Our second story is the Case of the Shoplifted Biography.

An elderly woman entered a local bookstore. The woman was tooling around in one of those motorized scooters used by many of our less-than-ambulatory senior citizens. She couldn’t reach up to the higher shelves, so she asked a bookseller to fetch down a regional biography.

With this $27.95 book in her lap, this sweet little old lady motored back to the children’s section to do a little more browsing.

Then, without warning, this lady came vrooming past the counter in a blur and out the door, yelling a string of salty personal insults at the astonished bookseller.

This, ladies and gentlemen, is known as misdirection. It took the flabbergasted employee a few seconds to recover from the verbal assault and realize, “Hey, she never paid for that book.”
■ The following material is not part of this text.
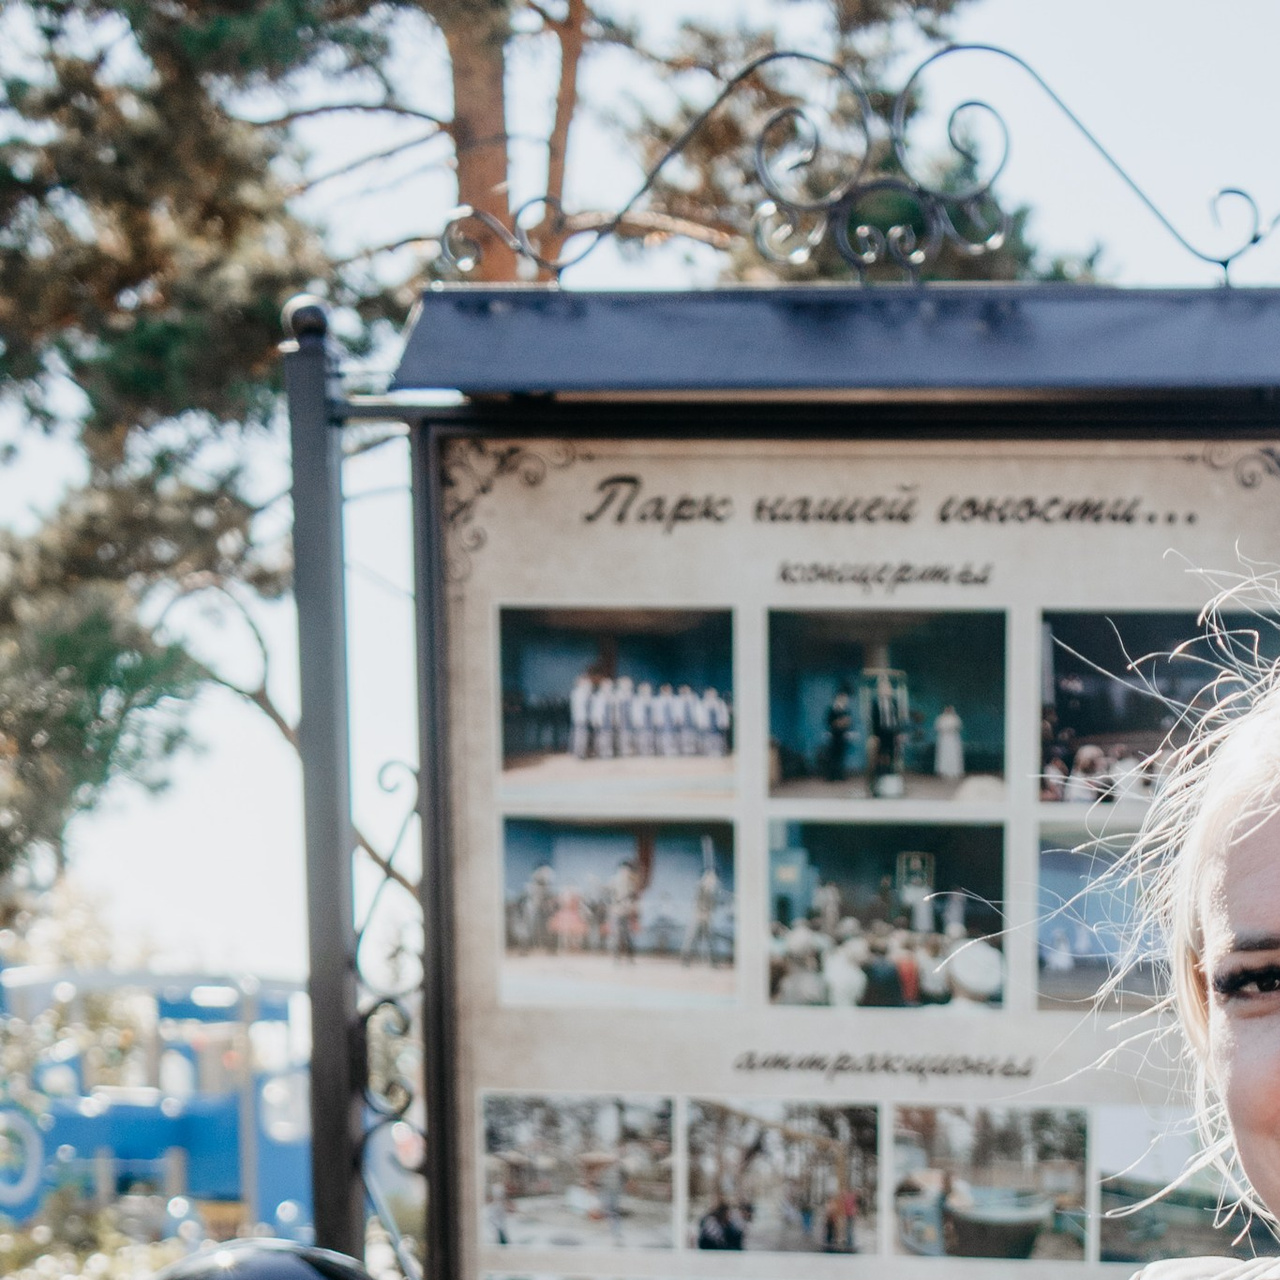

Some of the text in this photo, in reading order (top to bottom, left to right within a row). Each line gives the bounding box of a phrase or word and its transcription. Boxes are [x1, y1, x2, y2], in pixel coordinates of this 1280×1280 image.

The employee ran out into the mall and tracked down the scooter-lady at a neighboring shop. She confronted her and the indignant women replied that she had, indeed, placed the book back on the shelf. So the clerk, wanting to believe her, walked back to the store. The bookseller then realized, with a sinking feeling, that the woman couldn’t possibly have put the book back on a shelf she couldn’t reach.

Meanwhile, the scooter lady had disappeared, along with the book. But the bookseller knows who she is and she’s on their watch list if she ever comes back to the mall.

The bookseller told me about this minor criminal offense thinking that I might be somewhat flattered. I was the author of that shoplifted book.

Maybe. I’d rather have written a book that customers were willing to pay for.